Paul Schrader is most famous for writing Taxi Driver, Martin Scorscese’s devastating study of a lonely outsider driven to an act of extreme violence – but as a director, he has never really quite hit the mark. There was his fitful remake of Cat People in 1982; his study of the Japanese poet Mishima in 1985; and, more recently, his self-produced film, The Canyons, which attempted (unsuccessfully) to revive the flagging career of Lindsay Lohan. First Reformed arrives in the UK garlanded with praise by the American critics and it certainly represents Schrader’s most assured work as a director, but, perhaps unsurprisingly, the story it most resembles is Taxi Driver. It’s as though he can’t quite shrug off the influence of his finest achievement, even after all these years.

Ethan Hawke plays the Reverend Toller, resident priest of the titular church, an ancient clapboard affair that these days is more a haunt for tourists and souvenir-collectors than an actual congregation. Toller has experienced some misery in his recent past – his son, a soldier, died on active service in Iraq, and Toller’s marriage has subsequently failed because of that loss. It’s clear he’s been given this post mostly out of sympathy and he’s doing his level best to handle the role, but he’s increasingly troubled by the fact that his church is just a small part of a much bigger concern called Abundant Life, whose major benefactor is one Edward Balq (Michael Gaston), a local businessman who has his fingers in some very dodgy – and environmentally damaging – enterprises. To add to his problems, Reverend Toller is suffering from some kind of intestinal cancer and is existing mostly on a diet of whisky and Pepto Bismol.

Then he’s approached by young parishioner, Mary (Amanda Seyfried, taking a break from her usual more lightweight roles). She is pregnant but deeply concerned about her partner, Michael (Philip Ettinger), an environmental activist, who is clearly having doubts about bringing a child into such a troubled world. Toller agrees to talk to the young man and finds himself increasingly agreeing with Michael’s point of view. As events develop, he is also irresistibly drawn to Mary herself. And, as he struggles to deal with that realisation, he begins to contemplate an act of unspeakable violence…

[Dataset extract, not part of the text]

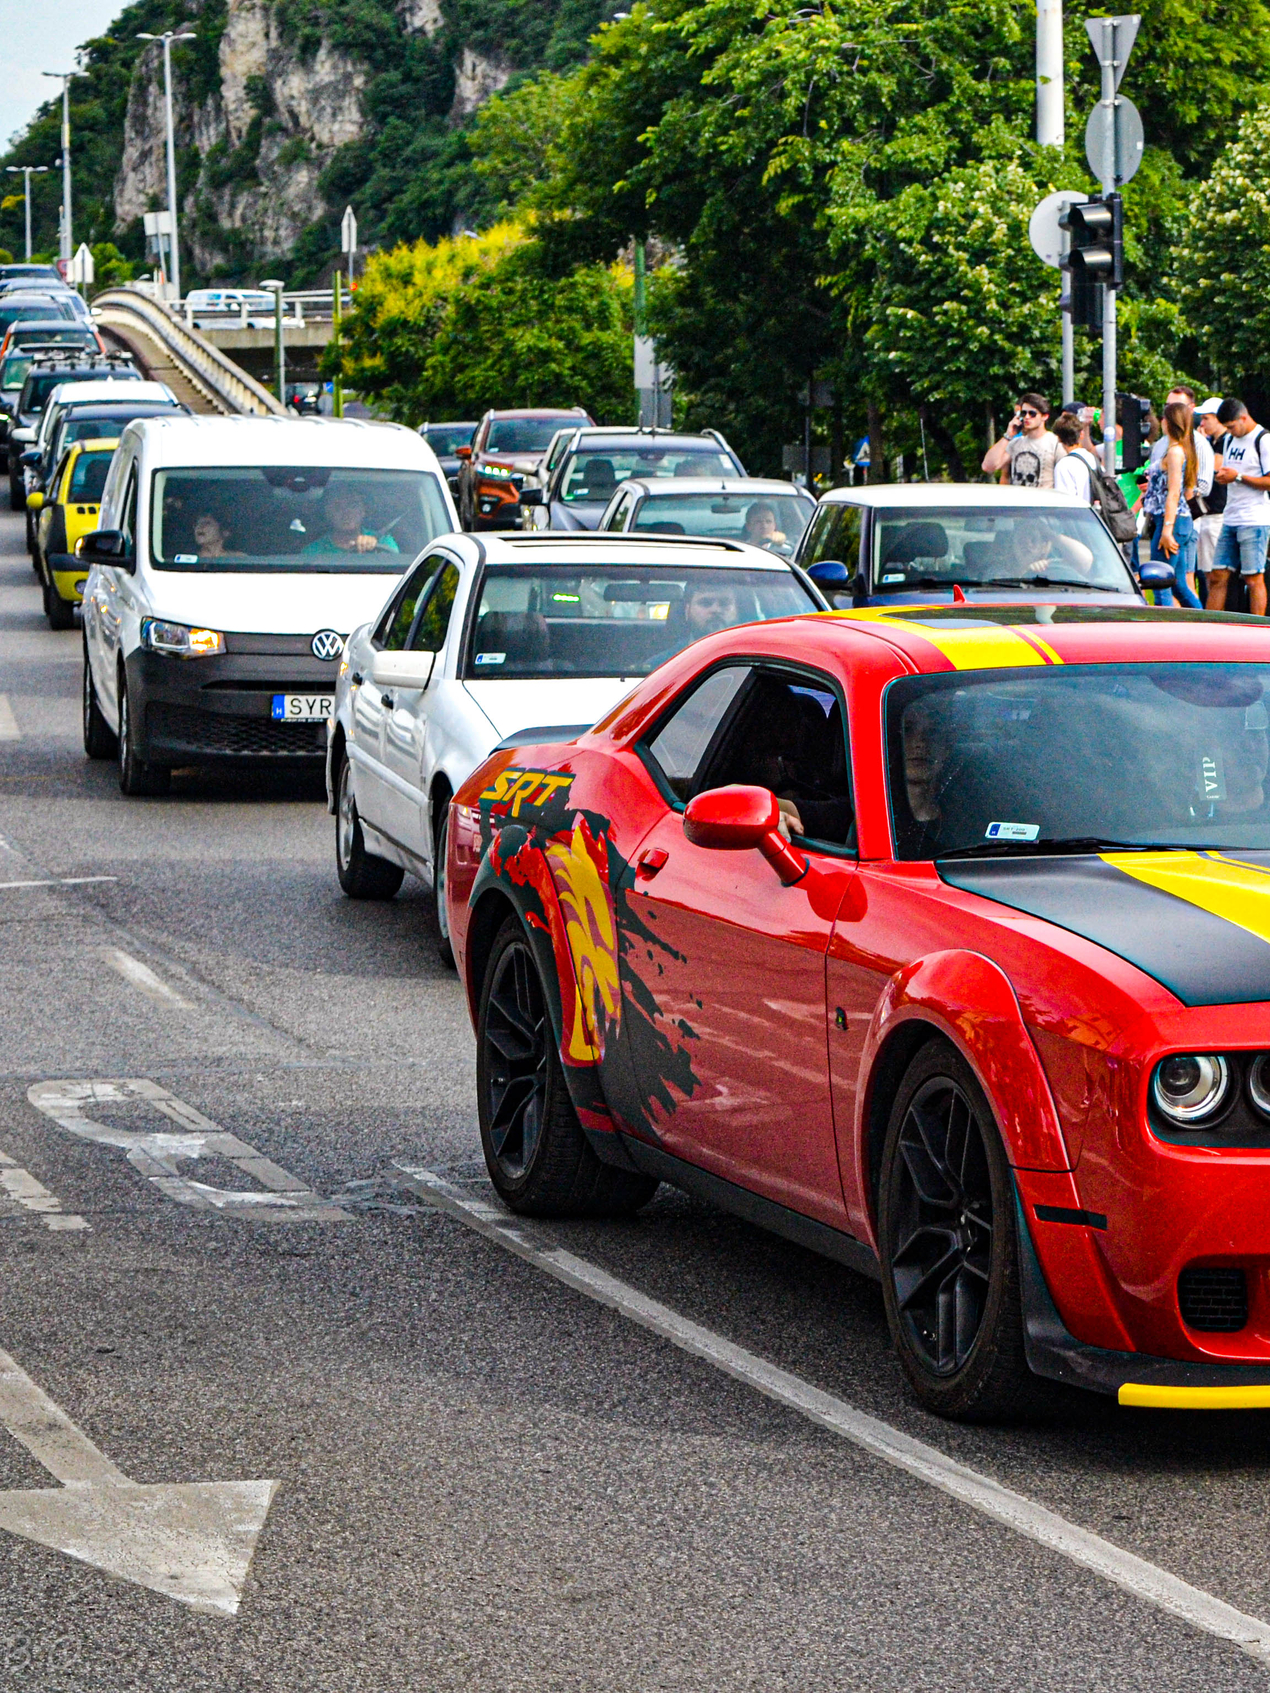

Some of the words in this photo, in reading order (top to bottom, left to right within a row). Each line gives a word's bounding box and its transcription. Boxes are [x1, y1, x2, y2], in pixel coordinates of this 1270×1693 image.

This is an extremely dour and sombre film, shot in desaturated colour and projected in an almost square 1:37:1 ratio. The interiors of Toller’s house are distressingly bare and there’s a strange, almost subliminal score, courtesy of Brian Williams, that seems to amp up the sense of alienation we share with him. Hawke is excellent in the title role and the central premise of the aspirations of the church having to bow down in the face of big business are deftly explored. It’s by no means a perfect film – and I can’t help feeling that some of the praise that’s been lavished upon it may have been somewhat exaggerated – but it’s compelling enough to see you through to its odd and profoundly unsettling conclusion. Is it possible for a priest to maintain his faith in such a corrupt and devastated world? Does religion even have a place in it? Schrader’s film is brave enough to ask the questions, even if it can’t quite supply the answers.